The Hex-Bar Deadlift

How correct hex bar form can impact strength and lower back pressure and stress
How correct hex bar form can impact strength and lower back pressure and stress

What is the hex bar and what purpose does it serve to every-day gym go-ers? First, let’s give some context to why it serves any purpose at all.

Everyone knows the regular straight-bar deadlift. You have seen huge weightlifters walk up to the straight-bar with 400 pounds on the sides, bend down, and pull up while also holding good form. For experienced bodybuilders with tons of practice, this is usually not a problem. But what some lifters do not understand is that unless you are efficiently stretching before, after and using textbook deadlift technique (hint: many typical lifters you see at the gym, and especially younger ones, are not), this exercise can put an excessive magnitude of stress into your back’s joints, ligaments, and muscles which over time causes damage.

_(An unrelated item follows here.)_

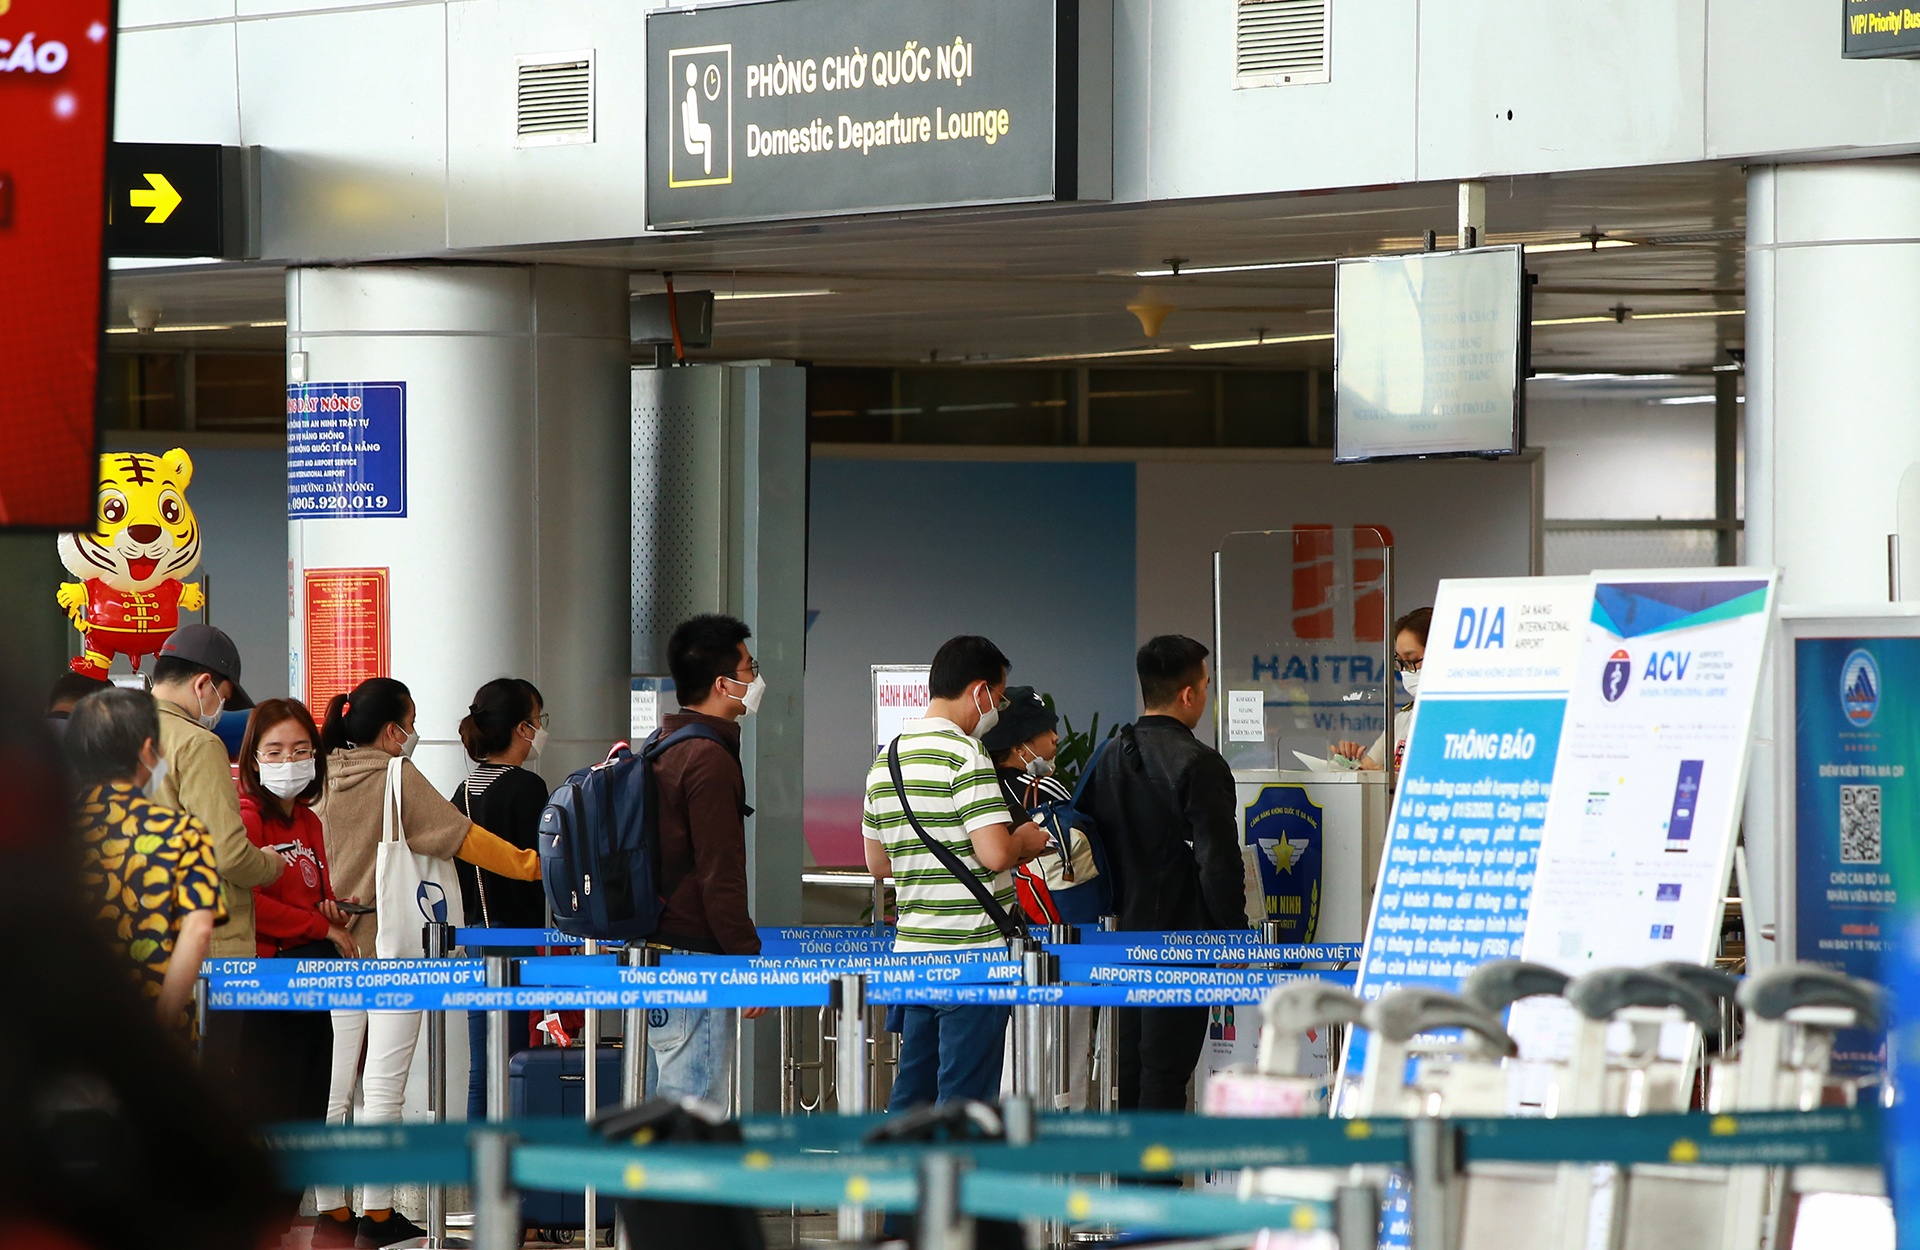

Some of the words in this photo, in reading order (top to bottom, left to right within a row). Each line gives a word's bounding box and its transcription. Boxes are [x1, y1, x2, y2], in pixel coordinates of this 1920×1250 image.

So, one day in the early 1980’s some of the top bodybuilders wanted to find a more efficient way to get the results of the deadlift without the pain and damage. Enter the hex-bar deadlift. Once invented for bulking up traps, the hex-bar has found new life in lifting circles. Even for more experienced lifters, this has transitioned into the go-to deadlift exercise for many reasons.

First, it reduces lower back stress. Looking at the picture above, the weight is placed directly over the hips and the back is straight with the head looking up. This is the optimal loading position for the back. Relative to the straight-bar deadlift, which shifts the weight forward and ramps up the compressive forces on the lower back, this exercise is much better suited for the human body and its functionality.

Second, the weight is distributed more evenly around the body allowing your body to more efficiently uses its muscles. A research study cited in the Journal of Strength and Conditioning Research (you can see more details on it by clicking here)found that lifters could deadlift fifty more pounds on average using the hex-bar compared to the straight-bar. For those lifters who care about how much weight you can put up, this should be an immediate incentive to implement this into your leg routine.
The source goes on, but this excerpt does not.